Building Alberta’s regional airport network

Alberta’s government is investing $1.13 million to support the development of regional airports across the province.

Alberta’s regional airports connect people, create jobs and help local businesses reach new markets. This investment will facilitate the growth of the province’s regional airport network, enabling the seamless movement of people and goods, and creating more opportunities for municipalities and local industry to thrive.

“Alberta’s aviation industry plays an important role in strengthening and diversifying our economy by expanding access to markets and creating jobs in the province. Regional airports are key assets in supporting the air sector and the movement of people. This investment will support the growth of Alberta’s regional airports and help restore and develop connections between our regional and international airports.”

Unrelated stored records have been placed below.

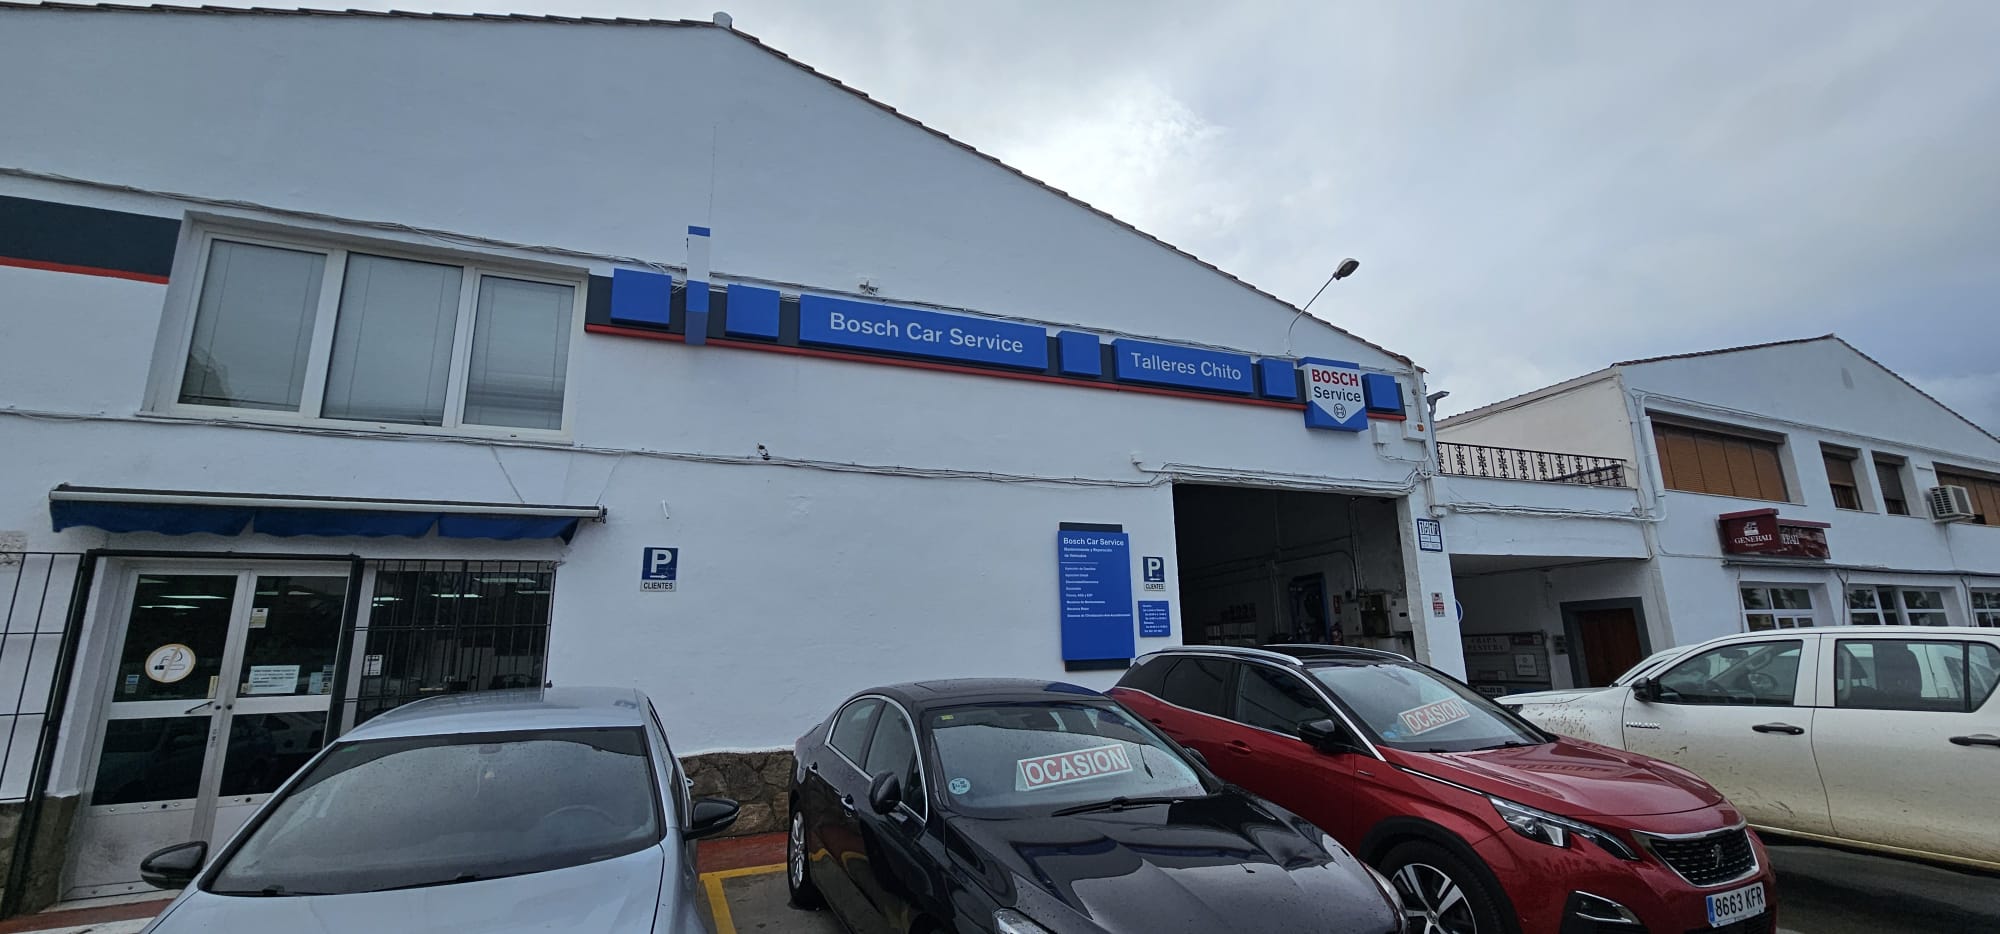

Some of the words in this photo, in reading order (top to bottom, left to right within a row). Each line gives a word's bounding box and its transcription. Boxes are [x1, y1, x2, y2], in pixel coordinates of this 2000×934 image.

[829, 311, 899, 337] Bosch
[906, 322, 942, 343] Car
[949, 328, 1023, 353] Service
[1130, 352, 1196, 375] Talleres
[1200, 361, 1242, 381] Chito
[1311, 368, 1359, 387] BOSCH
[1313, 386, 1361, 403] Service
[1063, 537, 1086, 545] Bosch
[1099, 538, 1124, 546] Service
[1734, 534, 1772, 544] GENERALI
[650, 549, 673, 574] P
[1148, 557, 1161, 577] P
[643, 581, 673, 590] CLIENTES
[1405, 700, 1466, 731] OCASION
[1025, 748, 1128, 785] OCASION
[1715, 893, 1743, 917] 8663
[1744, 886, 1764, 910] KFR

Devin Dreeshen, Minister of Transportation and Economic Corridors

The grant funding will support 10 regional airports in developing business cases and feasibility studies for improved airport infrastructure and air transportation. The projects will allow the airports to identify, explore and prioritize improvements and opportunities to increase their economic competitiveness, such as increasing the number of air carriers or the efficiency of aircraft movement to bolster the economic output of regional airports.

“Regional airports play a critical role in keeping Alberta connected and our economy growing. We are working with our partners to ensure all corners of the province are in the best position to attract job-creating investment and opportunities from around the world for all Albertans.”

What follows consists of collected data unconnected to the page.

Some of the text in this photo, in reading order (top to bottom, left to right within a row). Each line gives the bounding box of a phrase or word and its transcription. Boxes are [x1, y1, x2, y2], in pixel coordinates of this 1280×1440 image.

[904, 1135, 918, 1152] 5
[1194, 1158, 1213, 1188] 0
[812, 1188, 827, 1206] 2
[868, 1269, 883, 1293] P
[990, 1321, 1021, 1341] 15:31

Matt Jones, Minister of Jobs, Economy and Trade

The grants include $120,000 to the Red Deer Regional Airport for a land development strategy, which will inform the airport about how it can leverage infrastructure and facility improvements, such as terminal expansion and airside land development, that will better position the airport as a hub for economic activity. 

“The continued support from the province positions the Red Deer Regional Airport as a compelling and competitive location to do business. Now more than ever, we are primed to attract new investment opportunities, create jobs and strengthen central Alberta’s economic landscape.”

Jim Wood, mayor, Red Deer County

The funded projects vary in scope and size depending on the specific needs of each airport. They include exploring airport certification to support scheduled air services, airport commercial development, commercial air services, hangar development and development of strategic business cases to restore regional airports’ positions as primary transportation hubs.

“CAEP is proud to showcase the importance of the Red Deer Regional Airport as a true ’hub‘ in the Central Alberta Region. Transportation is critical to a thriving region that leads to sophisticated manufacturing, technological innovation and investment attraction to enhance and support our economic corridors. Continued growth at the RDRA is proof that the region is thriving and a ’destination of choice‘ for investment.”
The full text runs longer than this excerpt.